For an SME, this means that a compliance audit must precede (or accompany) any technological deployment, rather than follow it. Integrating this requirement from the start avoids having to reconfigure systems already in production.

Management Skills: What Companies Lack to Drive Digitalization
The main barrier to digital transformation is neither budgetary nor technological. It is a lack of internal skills to drive change. Many companies purchase software licenses without having the profiles capable of configuring them, training teams, and measuring actual adoption.
Three types of skills are simultaneously lacking:
- Data mastery: knowing how to structure, clean, and leverage existing data before adding new tools. A poorly fed CRM produces no value, regardless of its sophistication.
- Hybrid project management: coordinating external providers, business teams, and a general management that does not always share the same timeline. This role goes beyond that of a classic IT project manager.
- Change management: translating a tool into daily practice, identifying resistances, adapting training. Without this skill, the adoption rate remains low, and the return on investment does not materialize.
Recruiting a versatile profile capable of covering these three dimensions is challenging. Training internally takes time. The intermediate solution, often more realistic for an SME, is to combine a motivated internal reference with occasional external support during critical phases.
Digital Transformation of SMEs: Start with a Narrow Scope
Failures in digitalization share a common trait: a scope that is too broad from the outset. Attempting to digitize accounting, customer relations, production, and internal communication simultaneously creates confusion and dilutes resources.
A more effective approach is to isolate a high-impact, low-technical-complexity process. For example, the dematerialization of purchase orders or the automation of reminders for unpaid invoices. This first project produces visible results quickly, which facilitates team buy-in for subsequent steps.

Criteria for Choosing the Right Starting Process
The ideal process for a first digital transformation project meets three conditions: it involves few stakeholders, it relies on data already available (even in paper or spreadsheet format), and its improvement yields measurable short-term gains (processing time, error rate, customer response time).
A successful pilot project in three months lends credibility to the entire digital strategy with management and employees. Conversely, an eighteen-month project without tangible results fuels skepticism.
Data Security and Compliance in a Digitization Project
Every new digital tool creates an additional entry point for cyber threats. The proliferation of cloud solutions, API integrations, and remote access expands the attack surface.
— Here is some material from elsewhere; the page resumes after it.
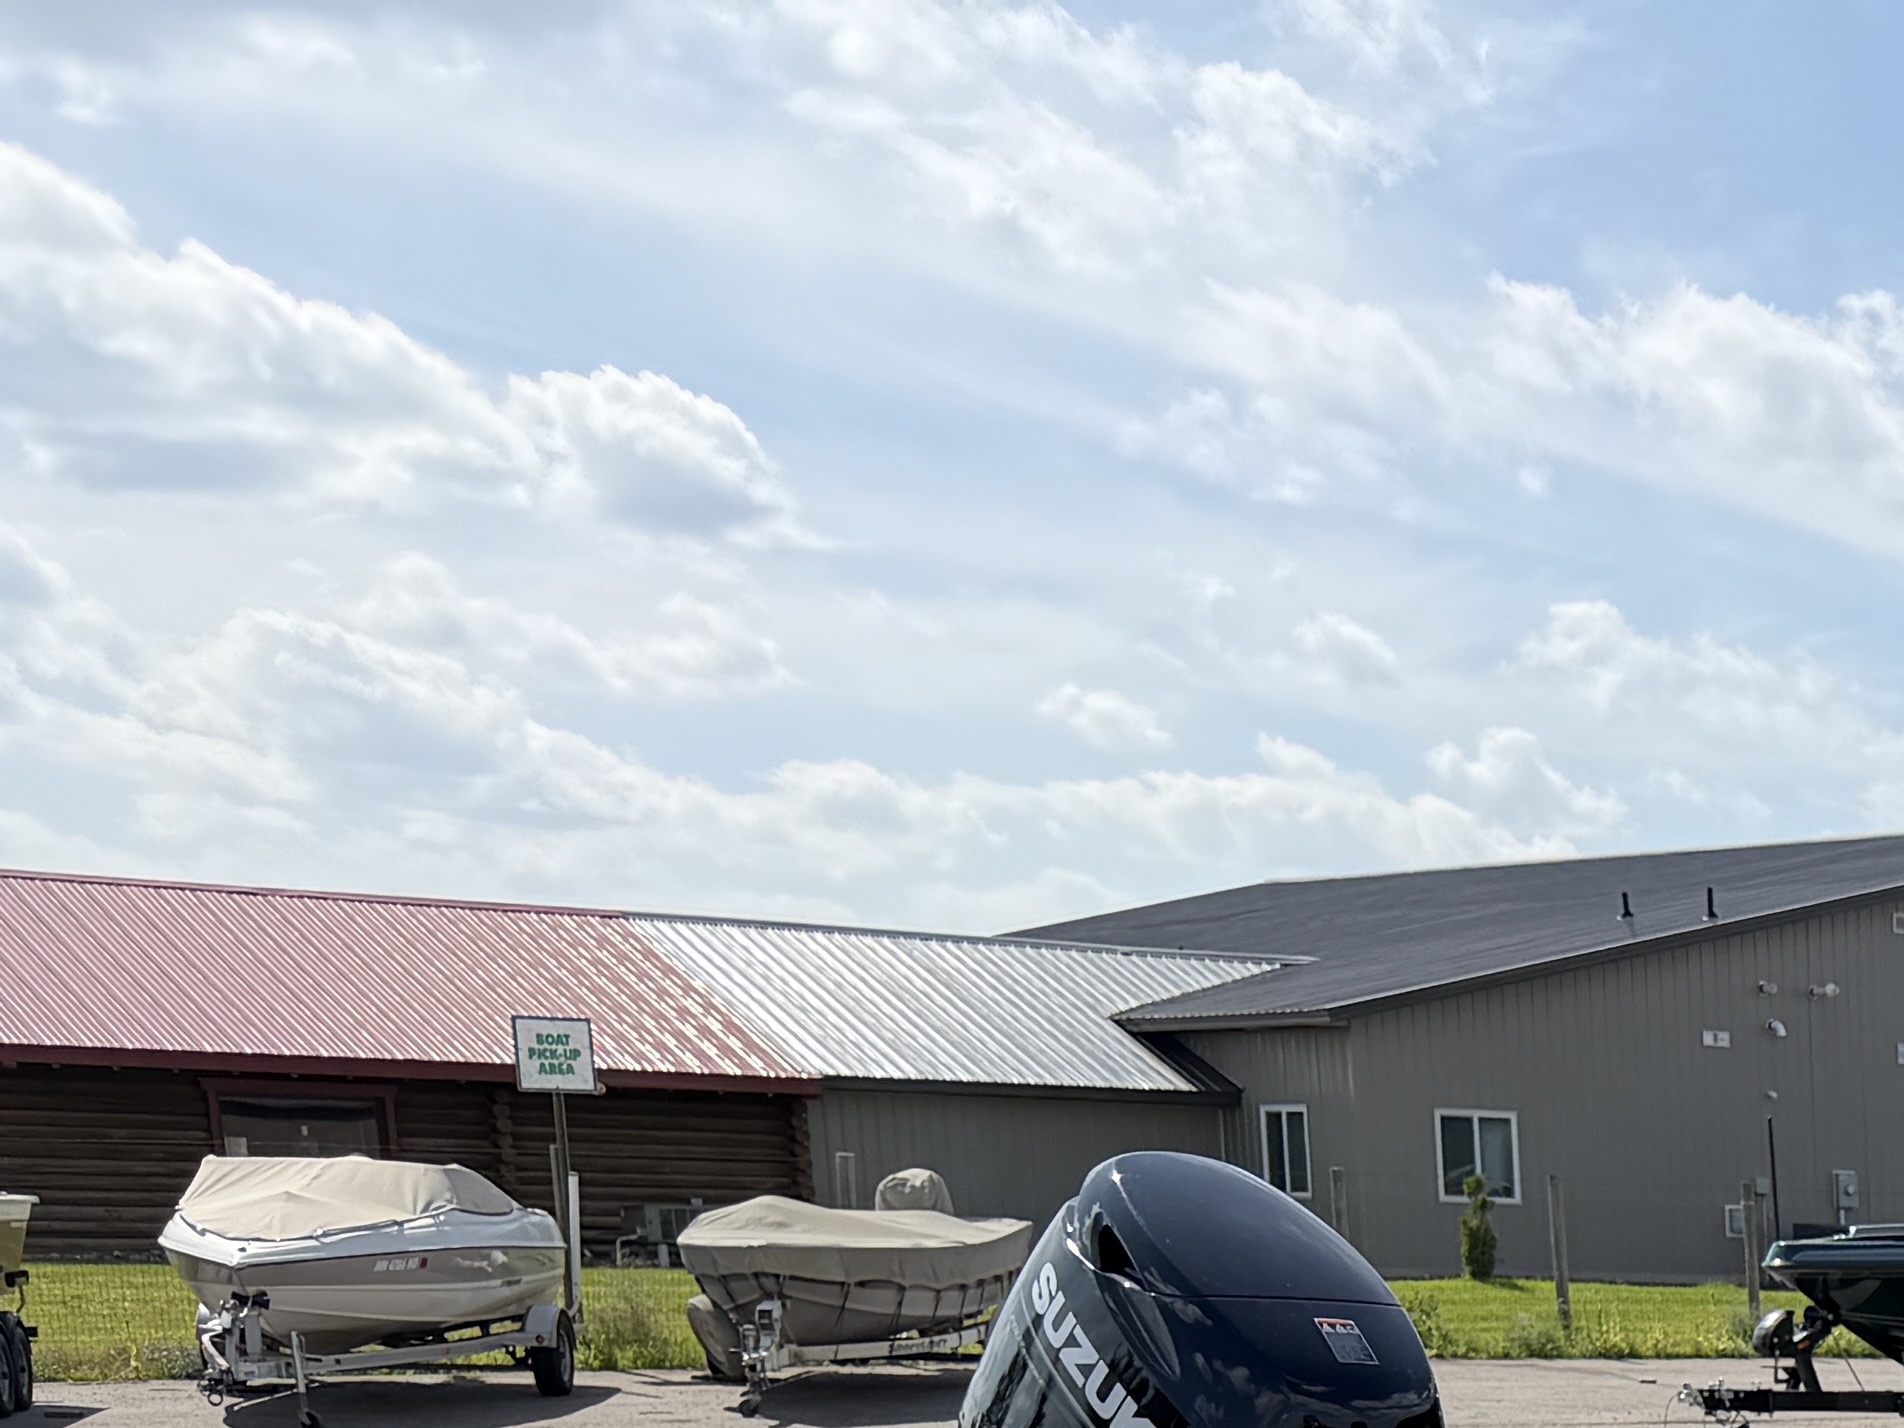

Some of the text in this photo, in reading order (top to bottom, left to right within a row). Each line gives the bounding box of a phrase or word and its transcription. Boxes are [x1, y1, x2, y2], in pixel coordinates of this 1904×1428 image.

[536, 1033, 571, 1046] BOAT
[528, 1047, 581, 1061] PICK-UP
[538, 1062, 576, 1075] AREA
For a company undergoing transformation, data security is not an optional module added at the end of the project.
Three measures must accompany any deployment:
- Map personal data flows and verify their compliance with GDPR before migrating to a new tool.
- Require each cloud provider to locate servers in the European Union and provide documented security certifications.
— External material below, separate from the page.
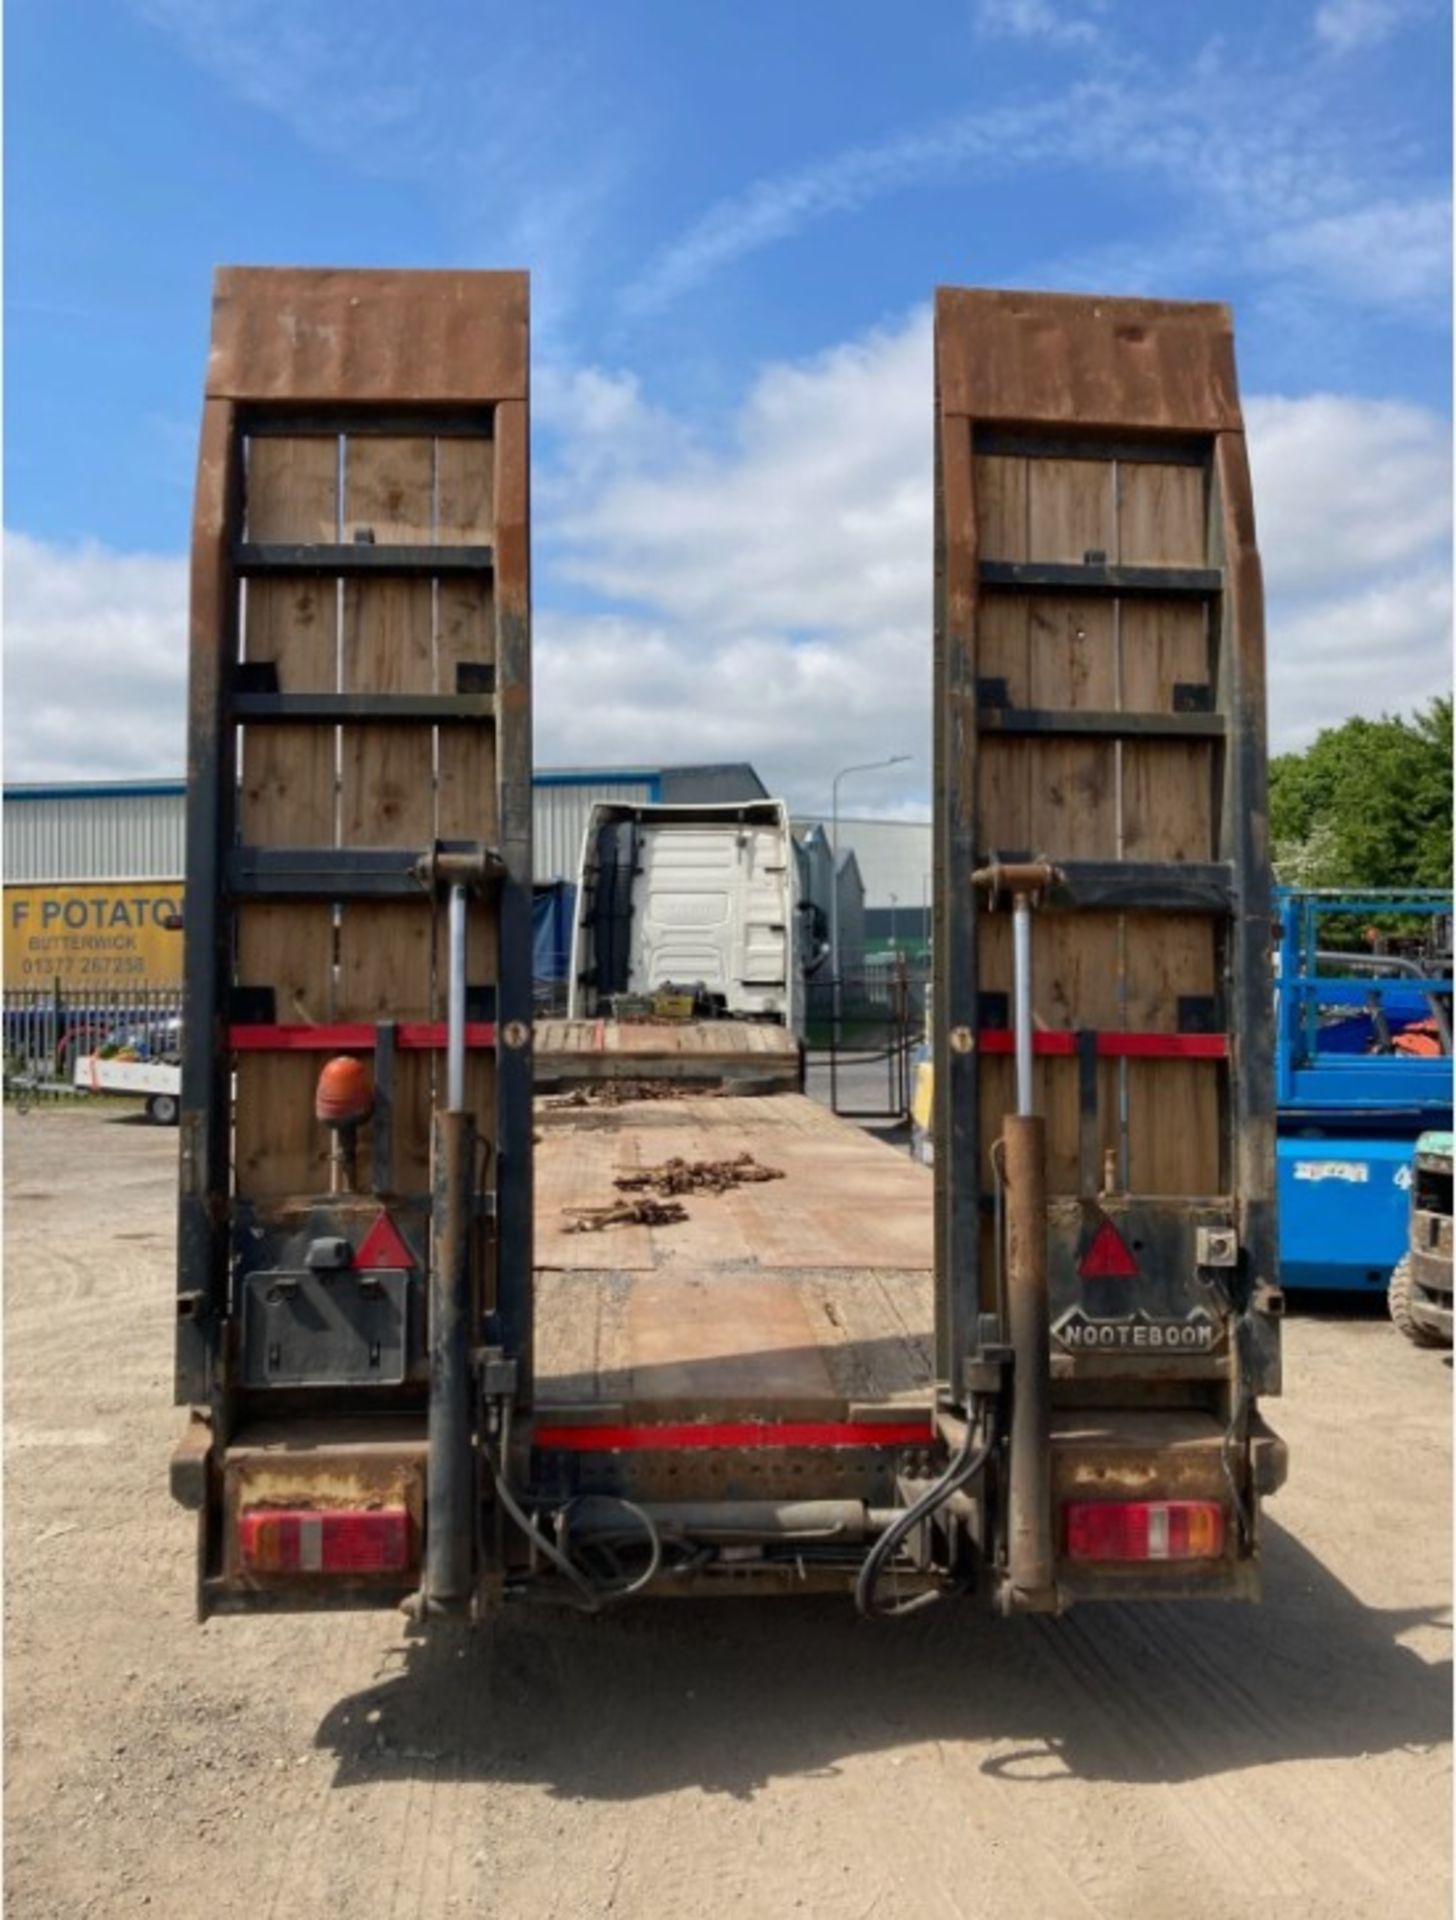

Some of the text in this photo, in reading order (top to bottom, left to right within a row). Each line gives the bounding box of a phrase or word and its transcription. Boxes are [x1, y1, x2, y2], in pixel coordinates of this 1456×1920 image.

[12, 901, 30, 929] F
[28, 934, 138, 951] BUTTERWICK
[1064, 1325, 1212, 1347] NOOTEBOOM
- Implement a role-based access policy: each employee accesses only the data necessary for their function, not the entire information system.
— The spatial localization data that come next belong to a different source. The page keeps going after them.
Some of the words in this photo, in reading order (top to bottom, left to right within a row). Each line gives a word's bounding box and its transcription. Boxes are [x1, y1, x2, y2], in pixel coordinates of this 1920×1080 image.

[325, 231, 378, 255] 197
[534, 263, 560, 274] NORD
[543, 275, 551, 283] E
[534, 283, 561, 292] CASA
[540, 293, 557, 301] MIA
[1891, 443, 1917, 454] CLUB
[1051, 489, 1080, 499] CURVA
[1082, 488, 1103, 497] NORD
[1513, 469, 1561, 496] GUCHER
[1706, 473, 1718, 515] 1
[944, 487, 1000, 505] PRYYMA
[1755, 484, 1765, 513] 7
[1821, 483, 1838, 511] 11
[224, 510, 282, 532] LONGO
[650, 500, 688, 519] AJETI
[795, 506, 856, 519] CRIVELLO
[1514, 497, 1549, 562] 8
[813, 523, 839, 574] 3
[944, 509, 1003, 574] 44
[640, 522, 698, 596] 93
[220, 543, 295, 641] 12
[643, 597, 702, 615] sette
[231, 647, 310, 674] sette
These precautions slightly slow down the initial deployment. However, they prevent incidents whose costs (financial and reputational) far exceed those of prevention.
Link Between AI Act and Data Protection
The AI Act and GDPR overlap without replacing each other. An AI system that processes personal data must comply with both frameworks simultaneously. Documenting the purpose of each AI processing becomes a dual obligation, both for data protection and for AI risk classification. Companies that address these two compliance requirements in parallel, rather than in separate silos, save time and ensure consistency.
Digital transformation in 2024 is no longer just about choosing digital tools. The European regulatory framework, the scarcity of management skills, and security requirements redefine priorities. Starting small, documenting each step, and integrating compliance from day one remains the most reliable path for an SME looking to digitize its processes without losing control of its trajectory.